Set up as in the shoulder press, but a dip and drive phase is added to this move: Stand with feet hip width and clean a lightly loaded barbell to your shoulders.
Grip bar, hands slightly wider than shoulder width and elbows in front of bar but not forward.
Keep torso vertical as you initiate move by dipping down a few inches with no pause at bottom then rapidly extend your hips and until both fully extended.
Once extension is complete, use the shoulders and arms to forcefully press bar overhead until fully extended.
“Speed and timing are key here. Make sure legs and hips extend before bar leaves the shoulders. Start to utilize the hips. Dip, and drive before the press. Make sure the torso stays vertical rather than forward (or back).”
PUSH JERK (Pictured)
Set up as if doing a push press, but a press-under is introduced to this move (dip, drive, press-under, stand): Clean bar to collarbone.
Dip knees and hips and without pausing at bottom then extend fully. Then press bar overhead, letting your feet come off the ground slightly and hop into a slightly wider stance, arms locked out, but knees bent and in a partial overhead squat.
Straighten legs. Then pulse bar to clavicles.
“Practice with a PVC pipe or dowel. Jump with the PVC in rack position and land with it locked out overhead, with your feet in partial overhead squat stance. Once proficient here, slowly add weight. Ensure that your hips continue to open before you press under. Land with elbows locked out.”
Stand in front of a wall holding a medicine ball at chest with feet shoulder width and toes turned out.
Lower hips into squat, keeping chest up, until hips are lower than knees.
Explode from the bottom, pushing through heels and keeping ball at chest; then release ball against wall to a target.
Catch the ball as it comes down and immediately lower hips into next squat.
“This is a thruster where the ball is released at top. Make sure to hold the ball on the lower half the ball to increase efficiency of the release and catch. Keep all form tips from the thruster in mind for this compound move.”
GYMNASTICS KIPPING PULLUP
Start with an overhand grip on the bar, just outside shoulder width; arms and legs straight.
With hips and shoulders moving in concert and your upper body powering the movement, lift your feet forward in front of your body, legs straight, a foot in front of start, and torso a few inches behind start.
While keeping legs straight, swing feet beneath and behind you, arching your body.
Swing legs forward again, bending your arms to bring your body weight up and your chin above the bar.
As your feet drop to the start and your legs come forward, swing your legs back to provide the momentum to launch into the next kipping pullup.
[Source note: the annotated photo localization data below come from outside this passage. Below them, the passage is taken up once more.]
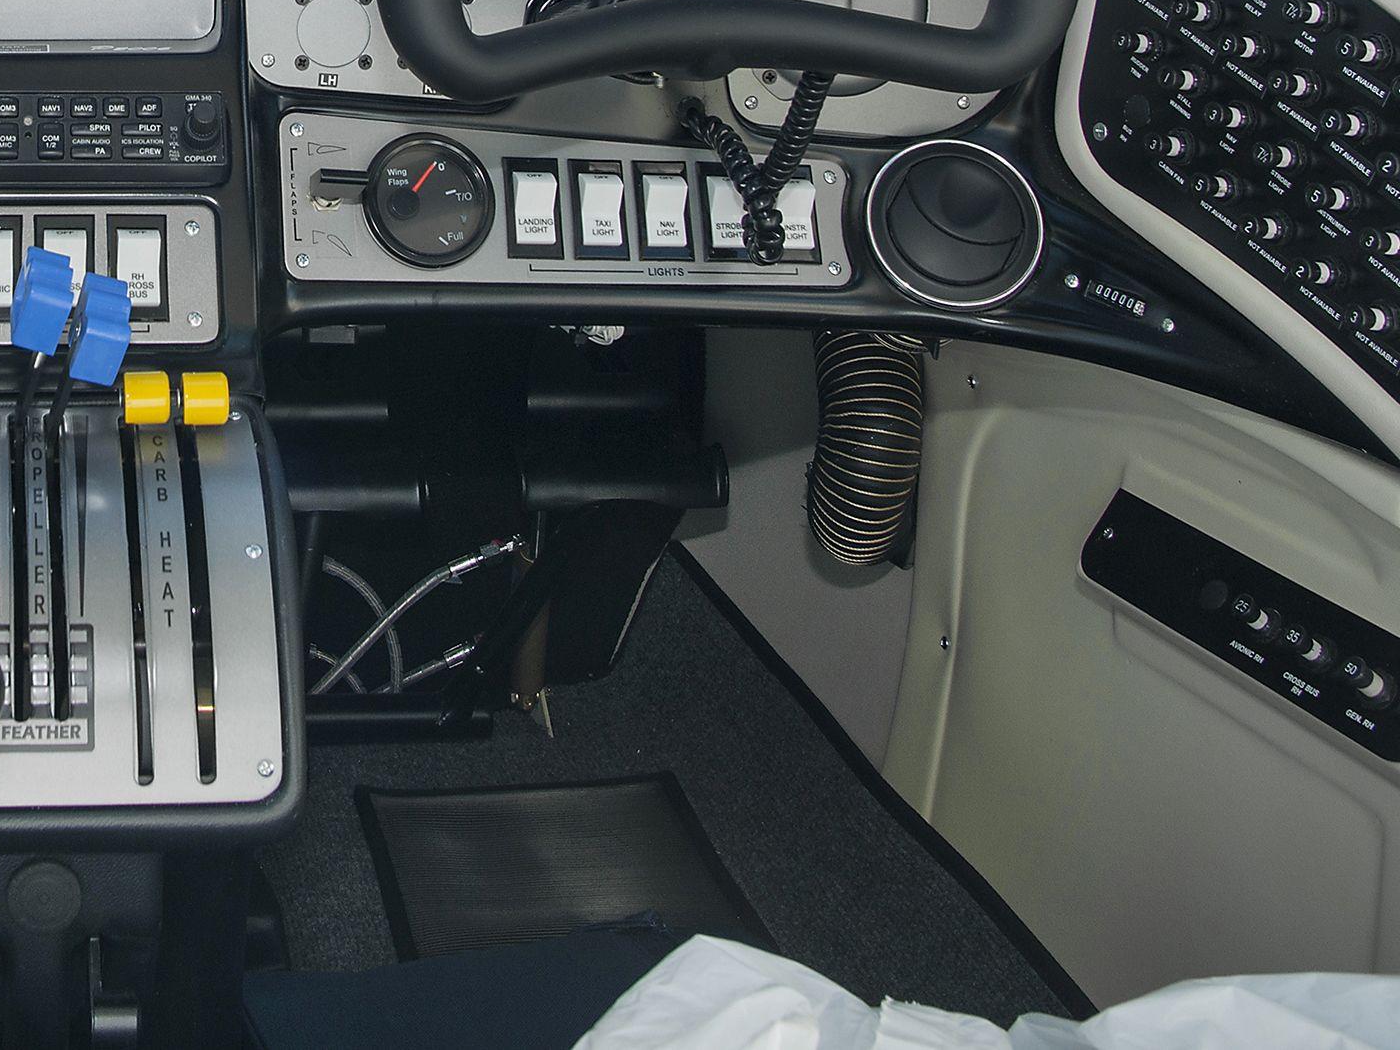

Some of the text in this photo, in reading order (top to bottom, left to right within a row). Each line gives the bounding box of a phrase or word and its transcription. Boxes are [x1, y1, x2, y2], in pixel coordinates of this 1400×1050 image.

[1342, 67, 1358, 81] NOT
[321, 75, 337, 86] LH
[42, 104, 61, 112] NAV1
[74, 104, 93, 112] NAV2
[108, 104, 125, 112] DME
[141, 104, 157, 112] ADF
[89, 124, 111, 132] SPKR
[138, 124, 161, 132] PILOT
[1329, 140, 1345, 154] NOT
[184, 155, 217, 163] COPILOT
[387, 168, 407, 177] Wing
[388, 178, 409, 187] Flaps
[518, 218, 553, 226] LANDING
[595, 220, 611, 228] TAXI
[525, 226, 548, 234] LIGHT
[592, 228, 615, 236] LIGHT
[657, 229, 679, 237] LIGHT
[447, 232, 464, 241] Full
[648, 267, 684, 277] LIGHTS
[131, 273, 145, 281] RH
[129, 290, 148, 298] BUS
[160, 532, 173, 628] HEAT
[1283, 672, 1320, 697] CROSS BUS
[1, 725, 81, 740] FEATHER
“People think of a strict pullup as the ‘better’ pullup; and the strict pullup is excellent. But in CrossFit we are looking for a higher power output, and that’s why we mainly focus on the gymnastics kipping pullup. It helps you develop a capacity to move your body weight faster over a shorter distance. But it’s one that should be trained with a coach first.”
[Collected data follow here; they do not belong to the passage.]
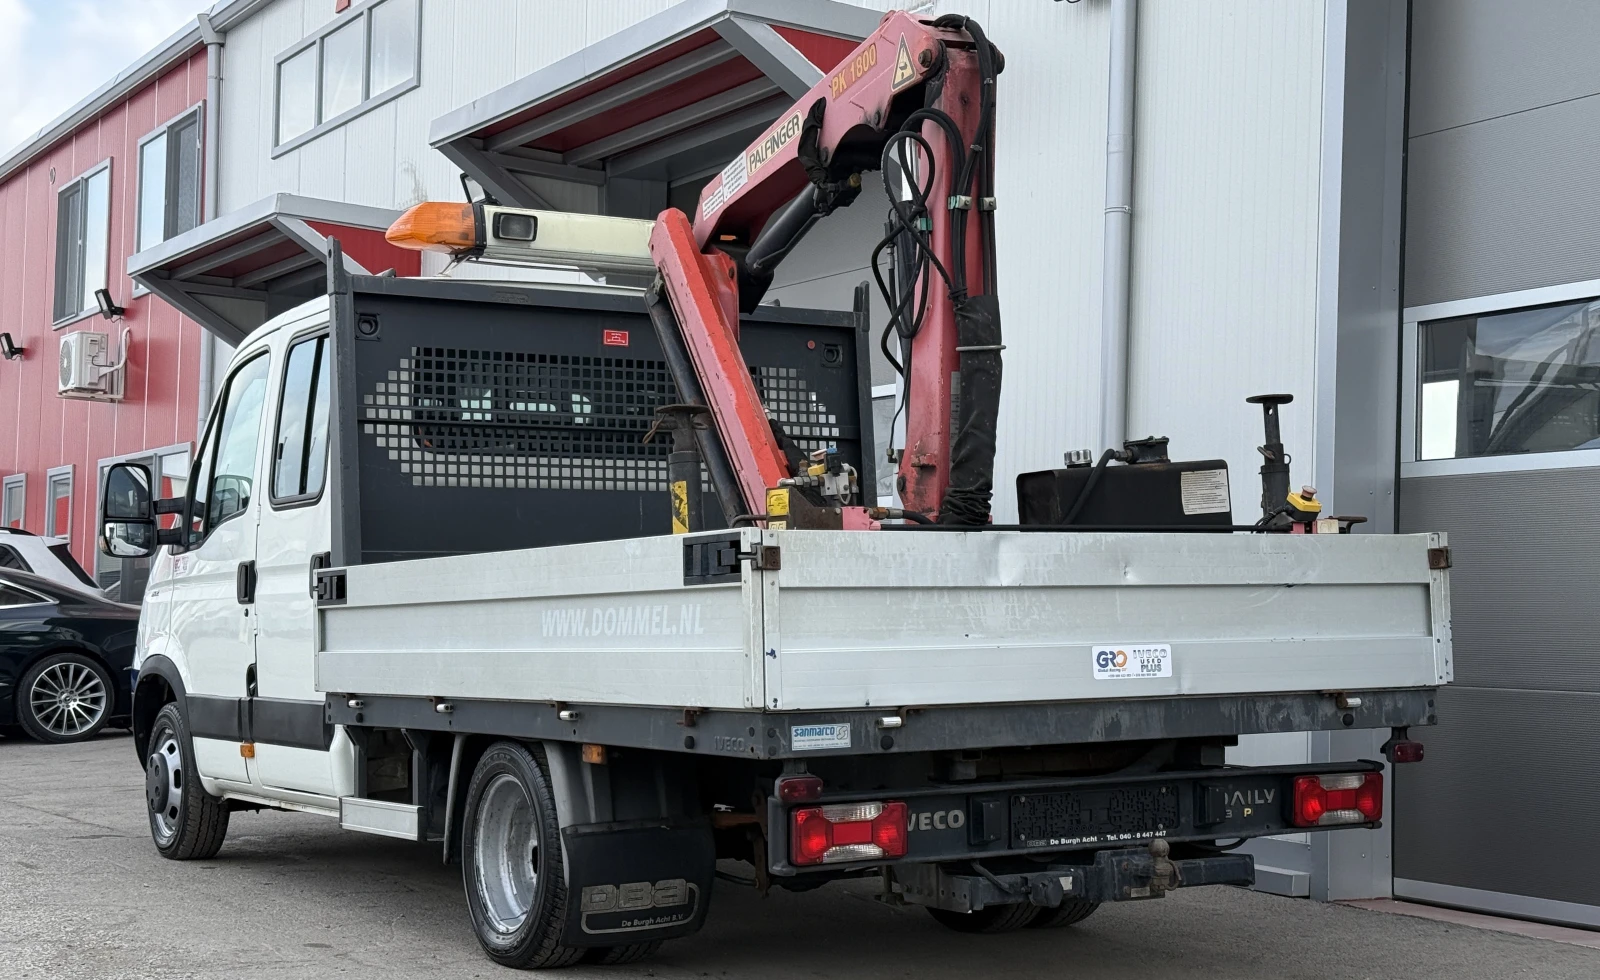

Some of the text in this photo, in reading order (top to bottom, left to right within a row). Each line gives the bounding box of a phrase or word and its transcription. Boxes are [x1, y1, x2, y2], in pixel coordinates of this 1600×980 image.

[832, 43, 877, 98] PK 1800
[749, 114, 800, 173] PALFINGER
[541, 603, 704, 637] WWW.DOMMEL.NL
[1096, 650, 1128, 668] GRO
[1133, 649, 1168, 659] IVECO
[1140, 664, 1162, 673] PLUS
[794, 726, 836, 737] sanmarco
[714, 735, 746, 751] IVECO
[1050, 838, 1060, 846] De
[1061, 837, 1081, 846] Burgh
[1082, 835, 1098, 844] Acht
[1119, 833, 1132, 841] 040
[1142, 831, 1154, 840] 447
[1154, 830, 1167, 839] 447
[621, 920, 632, 928] De
[633, 917, 655, 928] Burgh
[655, 915, 671, 924] Acht
Set up as in a front squat, cleaning bar to rack position.
Keeping elbows up in front of you, start your squat by pushing your hips back behind you.
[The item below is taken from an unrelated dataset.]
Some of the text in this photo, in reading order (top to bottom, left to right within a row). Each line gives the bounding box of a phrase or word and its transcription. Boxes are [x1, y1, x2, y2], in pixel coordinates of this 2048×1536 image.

Lower hips until they are lower than your knees, pushing knees out throughout.
Keeping chest up, stand from the bottom of the squat, extending hips and knees simultaneously, until arms are straight overhead.
Lower bar to clean position and, without pausing, immediately lower into squat.
“This is a front squat paired with a push press, so your front rack position has to be on point for this move. Make sure your hips are open and your glutes are squeezed before pressing the bar or dumbbells overhead.”